Top of MATERIAL PROVIDED

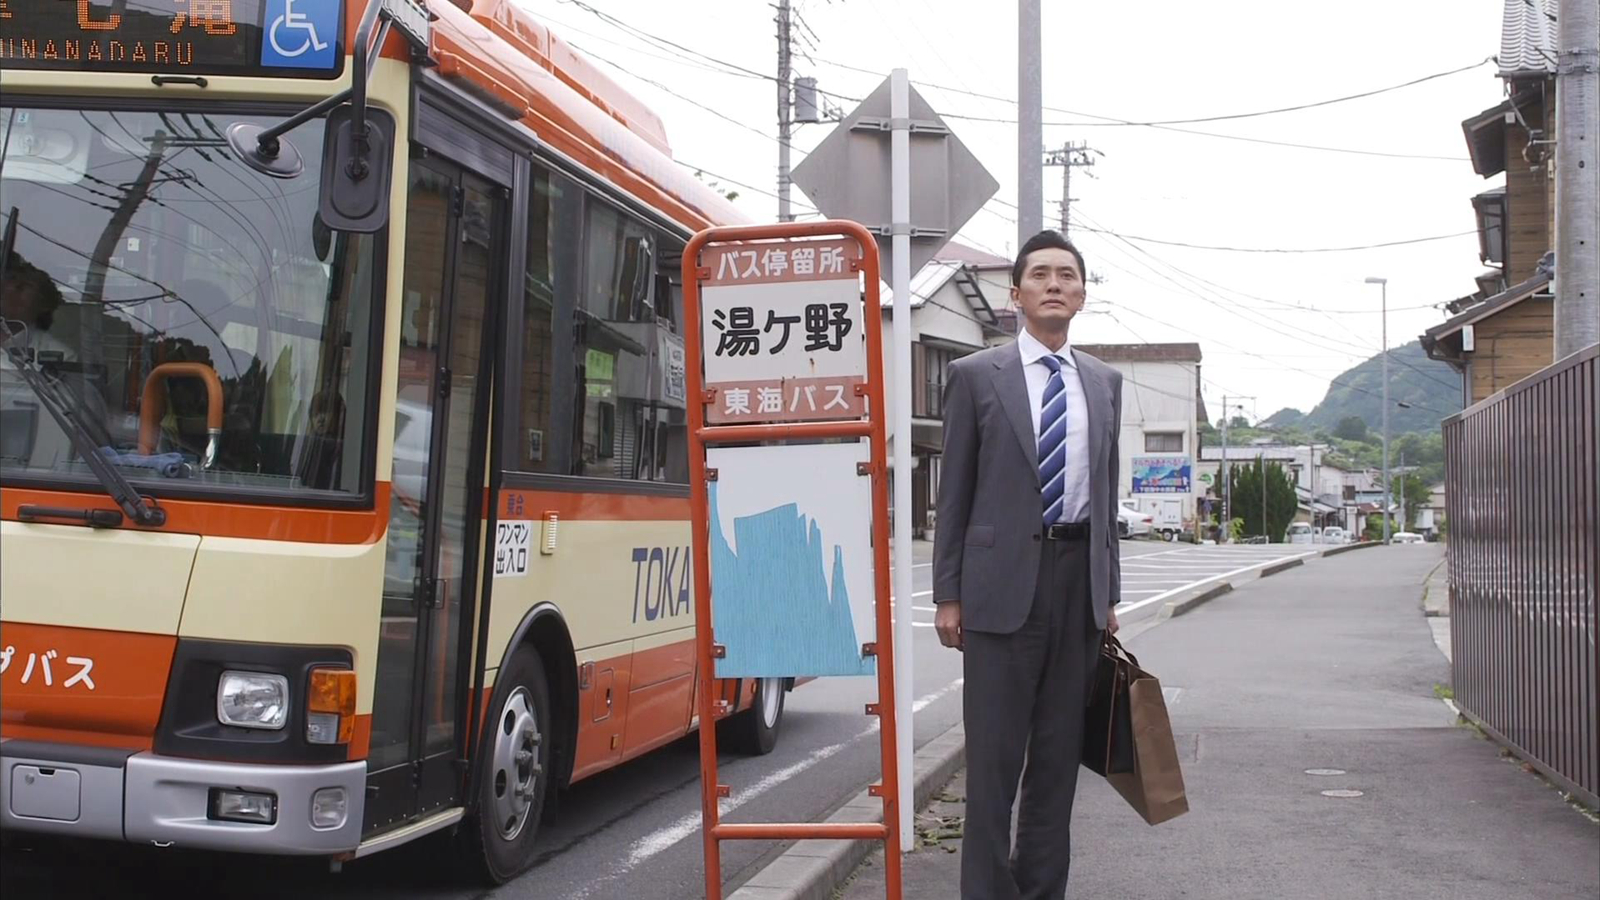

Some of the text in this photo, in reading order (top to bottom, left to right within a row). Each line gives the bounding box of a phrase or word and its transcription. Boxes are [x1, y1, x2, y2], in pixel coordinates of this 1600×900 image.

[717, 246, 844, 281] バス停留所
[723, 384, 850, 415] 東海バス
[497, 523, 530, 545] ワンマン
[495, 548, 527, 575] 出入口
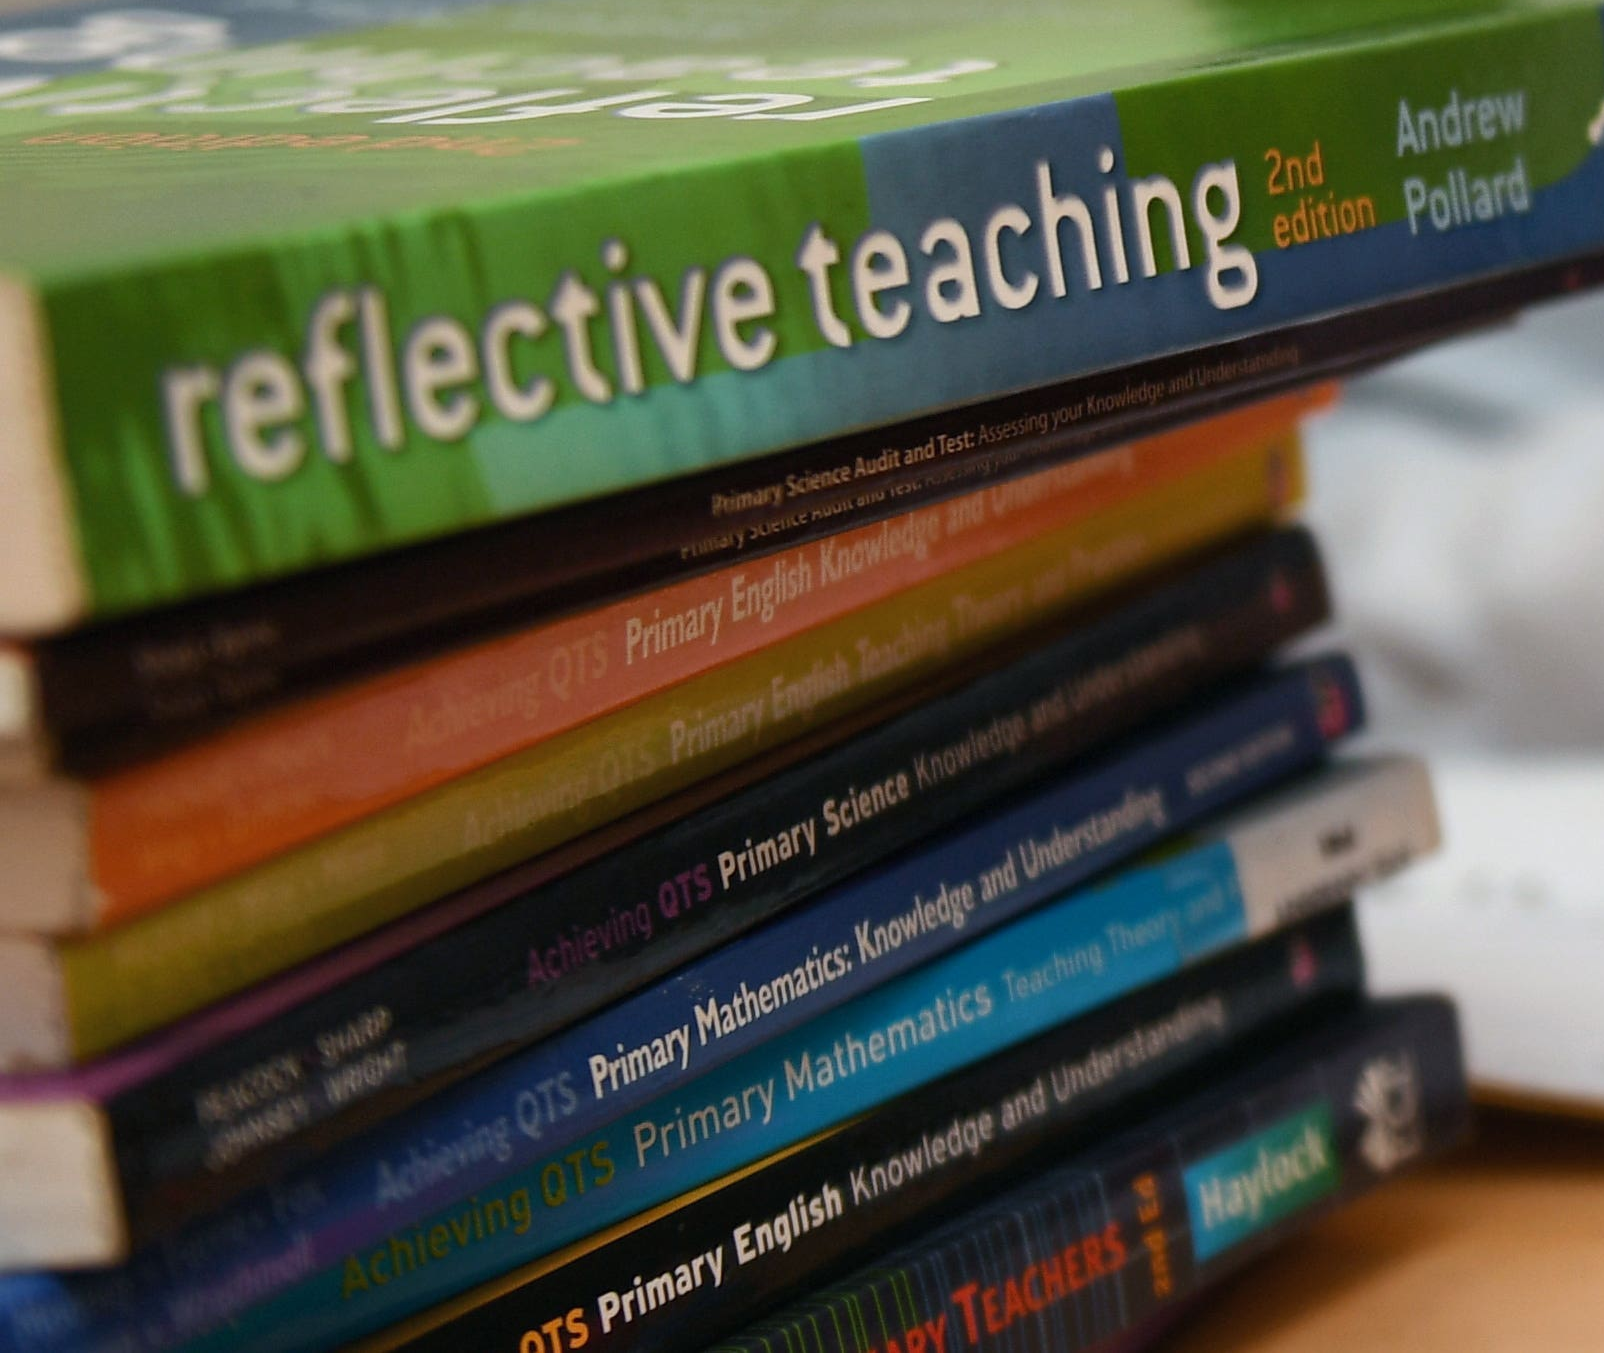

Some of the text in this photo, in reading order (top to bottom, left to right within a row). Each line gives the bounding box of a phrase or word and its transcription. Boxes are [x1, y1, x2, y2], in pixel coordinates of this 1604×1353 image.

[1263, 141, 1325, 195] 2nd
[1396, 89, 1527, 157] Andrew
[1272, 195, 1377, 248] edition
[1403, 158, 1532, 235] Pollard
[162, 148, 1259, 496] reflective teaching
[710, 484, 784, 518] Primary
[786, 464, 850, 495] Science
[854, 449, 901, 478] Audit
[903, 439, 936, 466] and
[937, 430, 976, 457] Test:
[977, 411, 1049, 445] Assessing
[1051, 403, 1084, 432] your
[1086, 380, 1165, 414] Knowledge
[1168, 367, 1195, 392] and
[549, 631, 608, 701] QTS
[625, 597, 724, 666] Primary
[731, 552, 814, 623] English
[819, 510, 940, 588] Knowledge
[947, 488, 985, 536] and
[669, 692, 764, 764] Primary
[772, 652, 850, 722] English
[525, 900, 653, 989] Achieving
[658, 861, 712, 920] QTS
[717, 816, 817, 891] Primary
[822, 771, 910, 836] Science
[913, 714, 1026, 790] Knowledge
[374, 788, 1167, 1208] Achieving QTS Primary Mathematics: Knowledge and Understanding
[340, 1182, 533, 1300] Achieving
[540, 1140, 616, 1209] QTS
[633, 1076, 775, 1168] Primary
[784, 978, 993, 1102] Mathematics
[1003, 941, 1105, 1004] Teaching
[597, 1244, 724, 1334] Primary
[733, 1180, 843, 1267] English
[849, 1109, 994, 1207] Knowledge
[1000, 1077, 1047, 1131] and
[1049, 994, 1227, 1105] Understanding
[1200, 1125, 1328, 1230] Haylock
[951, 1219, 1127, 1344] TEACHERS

Bottom of MATERIAL PROVIDED

**EXERCISE BRIEF**
Output the listing above exactly, pictures omitted.

**REPLY TO THE TASK**
Some of the text in this photo, in reading order (top to bottom, left to right within a row). Each line gives the bounding box of a phrase or word and its transcription. Boxes are [x1, y1, x2, y2], in pixel coordinates of this 1600×900 image.

[717, 246, 844, 281] バス停留所
[723, 384, 850, 415] 東海バス
[497, 523, 530, 545] ワンマン
[495, 548, 527, 575] 出入口

Some of the text in this photo, in reading order (top to bottom, left to right within a row). Each line gives the bounding box of a phrase or word and its transcription. Boxes are [x1, y1, x2, y2], in pixel coordinates of this 1604×1353 image.

[1263, 141, 1325, 195] 2nd
[1396, 89, 1527, 157] Andrew
[1272, 195, 1377, 248] edition
[1403, 158, 1532, 235] Pollard
[162, 148, 1259, 496] reflective teaching
[710, 484, 784, 518] Primary
[786, 464, 850, 495] Science
[854, 449, 901, 478] Audit
[903, 439, 936, 466] and
[937, 430, 976, 457] Test:
[977, 411, 1049, 445] Assessing
[1051, 403, 1084, 432] your
[1086, 380, 1165, 414] Knowledge
[1168, 367, 1195, 392] and
[549, 631, 608, 701] QTS
[625, 597, 724, 666] Primary
[731, 552, 814, 623] English
[819, 510, 940, 588] Knowledge
[947, 488, 985, 536] and
[669, 692, 764, 764] Primary
[772, 652, 850, 722] English
[525, 900, 653, 989] Achieving
[658, 861, 712, 920] QTS
[717, 816, 817, 891] Primary
[822, 771, 910, 836] Science
[913, 714, 1026, 790] Knowledge
[374, 788, 1167, 1208] Achieving QTS Primary Mathematics: Knowledge and Understanding
[340, 1182, 533, 1300] Achieving
[540, 1140, 616, 1209] QTS
[633, 1076, 775, 1168] Primary
[784, 978, 993, 1102] Mathematics
[1003, 941, 1105, 1004] Teaching
[597, 1244, 724, 1334] Primary
[733, 1180, 843, 1267] English
[849, 1109, 994, 1207] Knowledge
[1000, 1077, 1047, 1131] and
[1049, 994, 1227, 1105] Understanding
[1200, 1125, 1328, 1230] Haylock
[951, 1219, 1127, 1344] TEACHERS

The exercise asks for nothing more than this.